## Provided information
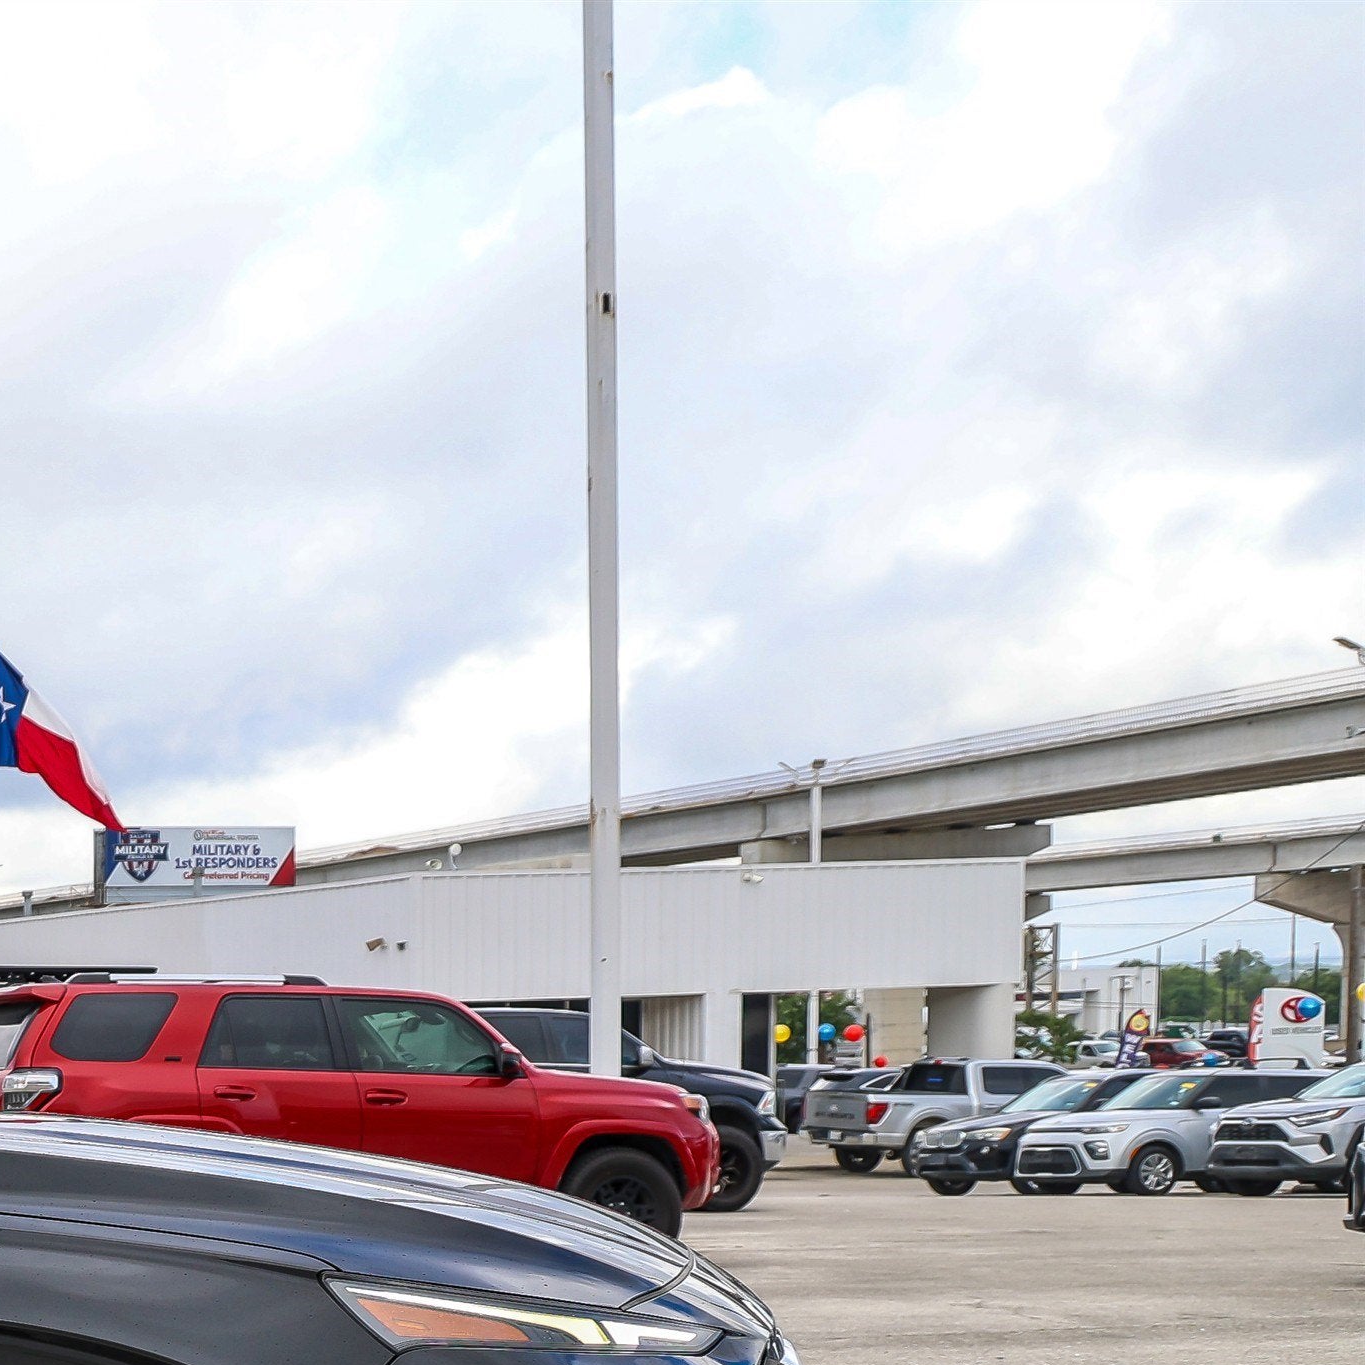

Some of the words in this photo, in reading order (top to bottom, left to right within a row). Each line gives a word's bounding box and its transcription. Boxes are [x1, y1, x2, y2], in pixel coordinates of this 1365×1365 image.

[115, 845, 166, 855] MILITARY
[192, 844, 249, 856] MILITARY
[253, 844, 261, 856] &
[175, 857, 193, 869] 1st
[195, 857, 278, 869] RESPONDERS
[202, 871, 239, 880] referred
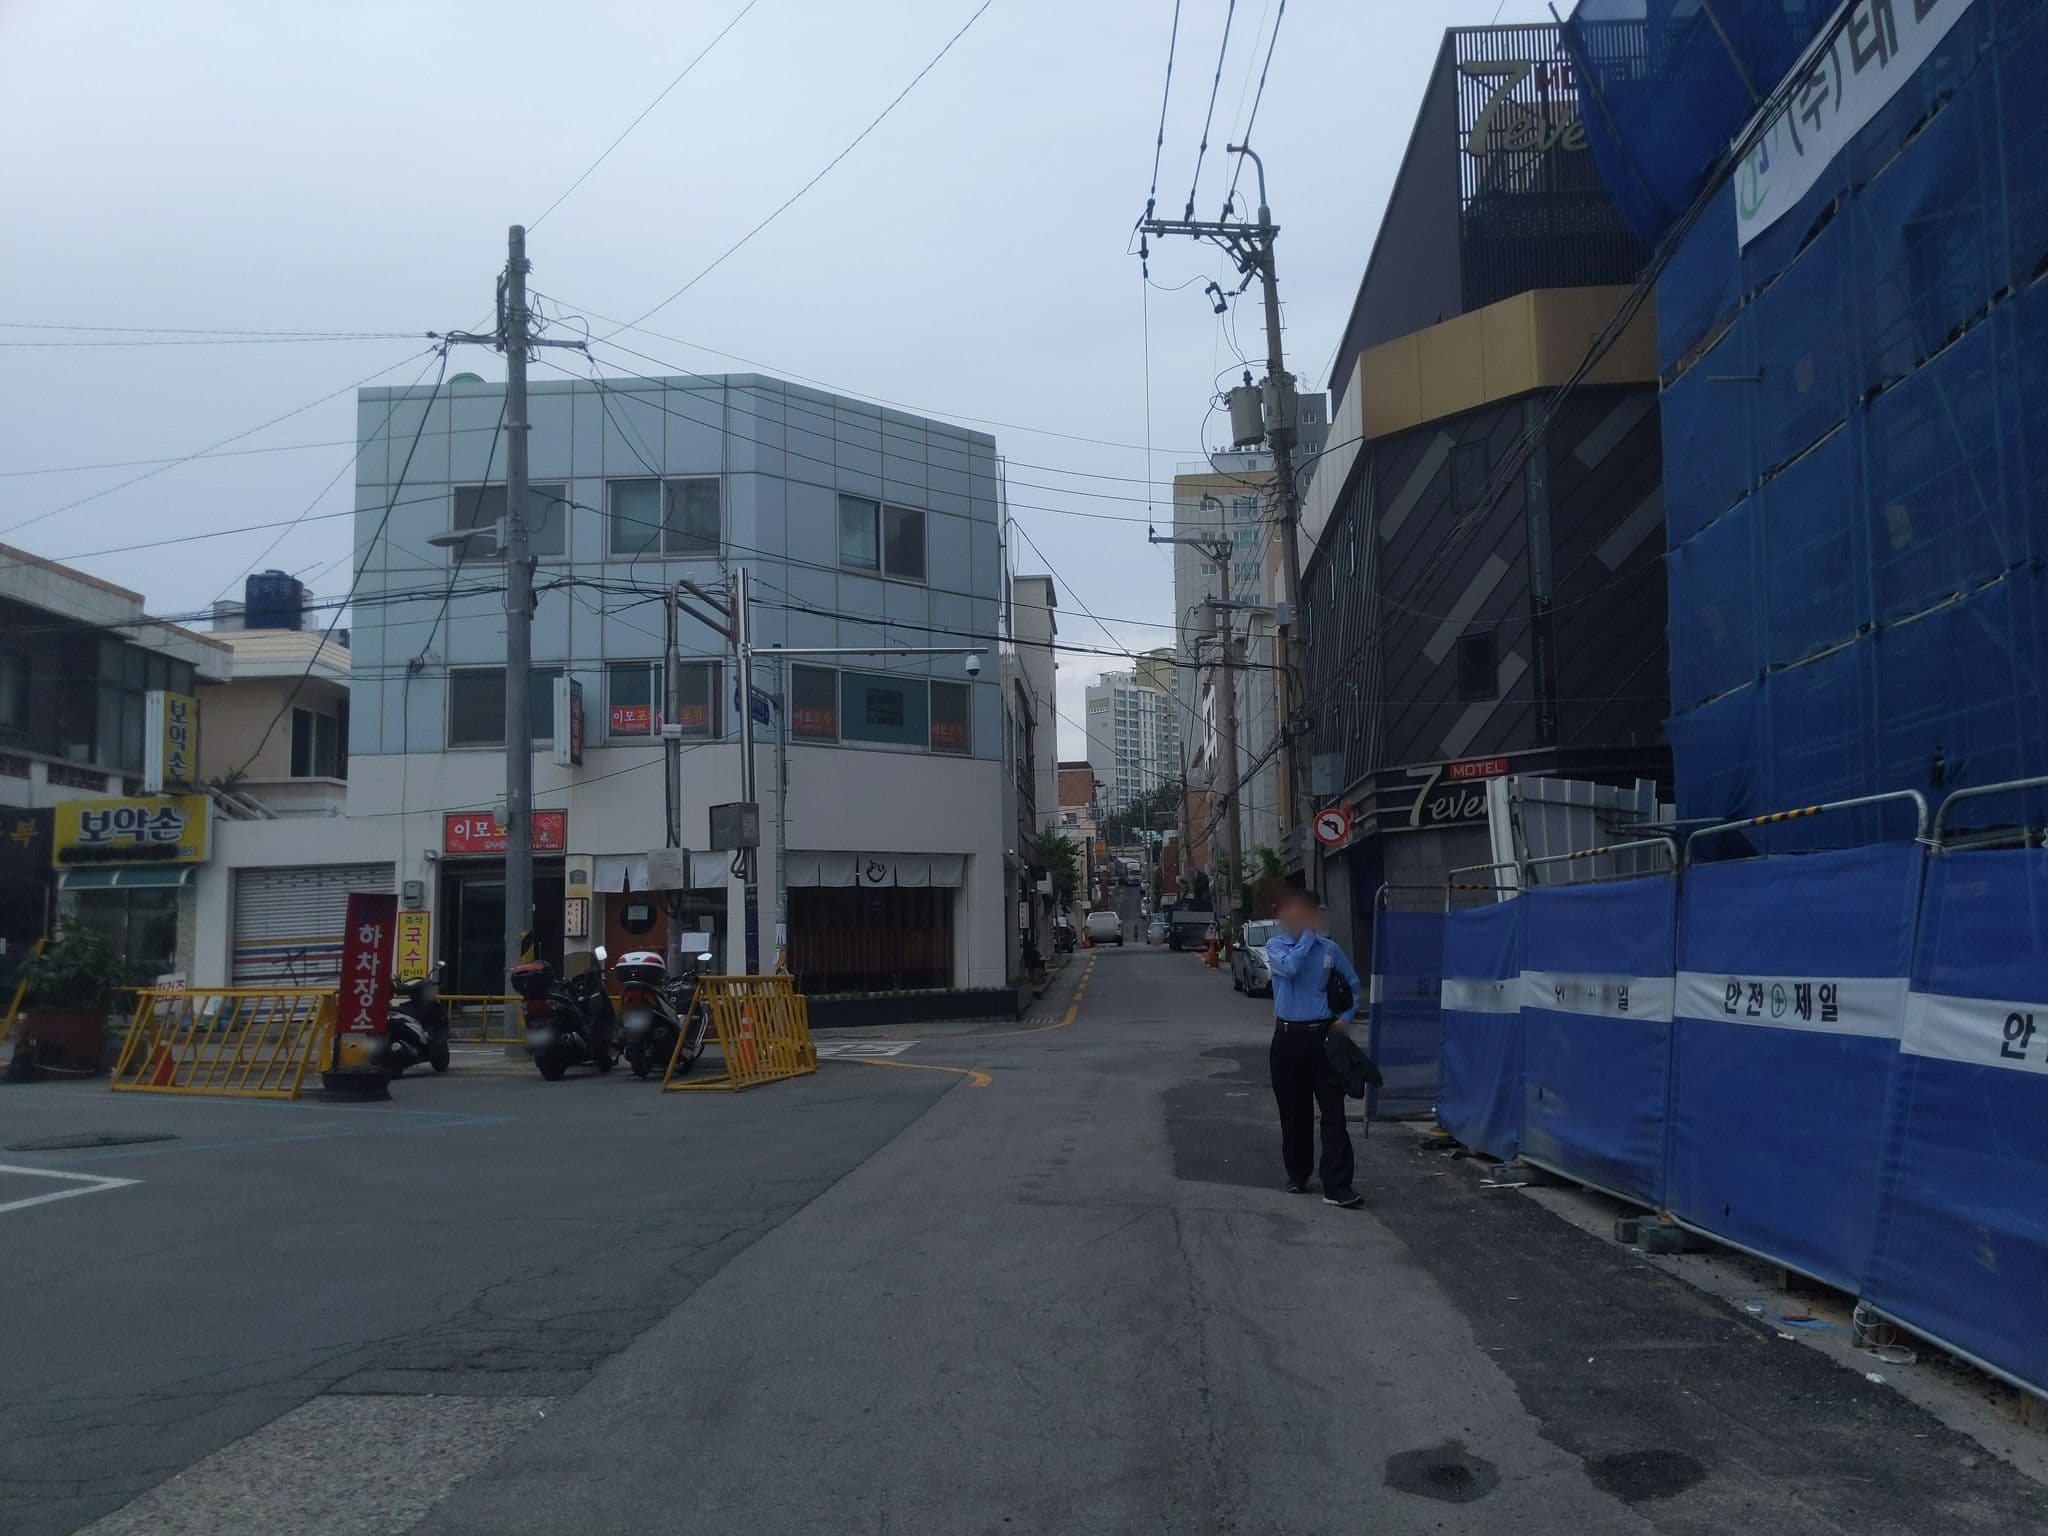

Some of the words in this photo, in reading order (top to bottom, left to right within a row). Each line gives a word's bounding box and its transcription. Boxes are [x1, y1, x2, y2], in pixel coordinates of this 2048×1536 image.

[613, 709, 650, 723] 이모포
[169, 700, 186, 776] 보약손
[1453, 761, 1503, 777] MOTEL
[79, 807, 183, 842] 보약손
[405, 927, 422, 967] 국수
[351, 923, 382, 1030] 하차장소
[1725, 982, 1764, 1016] 안전
[1793, 983, 1838, 1022] 제일
[2001, 1012, 2048, 1062] 안

## Your assignment
Every record is to be repeated exactly, and no picture is carried over.

## Exercise response
Some of the words in this photo, in reading order (top to bottom, left to right within a row). Each line gives a word's bounding box and its transcription. Boxes are [x1, y1, x2, y2], in pixel coordinates of this 1365×1365 image.

[115, 845, 166, 855] MILITARY
[192, 844, 249, 856] MILITARY
[253, 844, 261, 856] &
[175, 857, 193, 869] 1st
[195, 857, 278, 869] RESPONDERS
[202, 871, 239, 880] referred

Some of the words in this photo, in reading order (top to bottom, left to right within a row). Each line gives a word's bounding box and its transcription. Boxes are [x1, y1, x2, y2], in pixel coordinates of this 2048×1536 image.

[613, 709, 650, 723] 이모포
[169, 700, 186, 776] 보약손
[1453, 761, 1503, 777] MOTEL
[79, 807, 183, 842] 보약손
[405, 927, 422, 967] 국수
[351, 923, 382, 1030] 하차장소
[1725, 982, 1764, 1016] 안전
[1793, 983, 1838, 1022] 제일
[2001, 1012, 2048, 1062] 안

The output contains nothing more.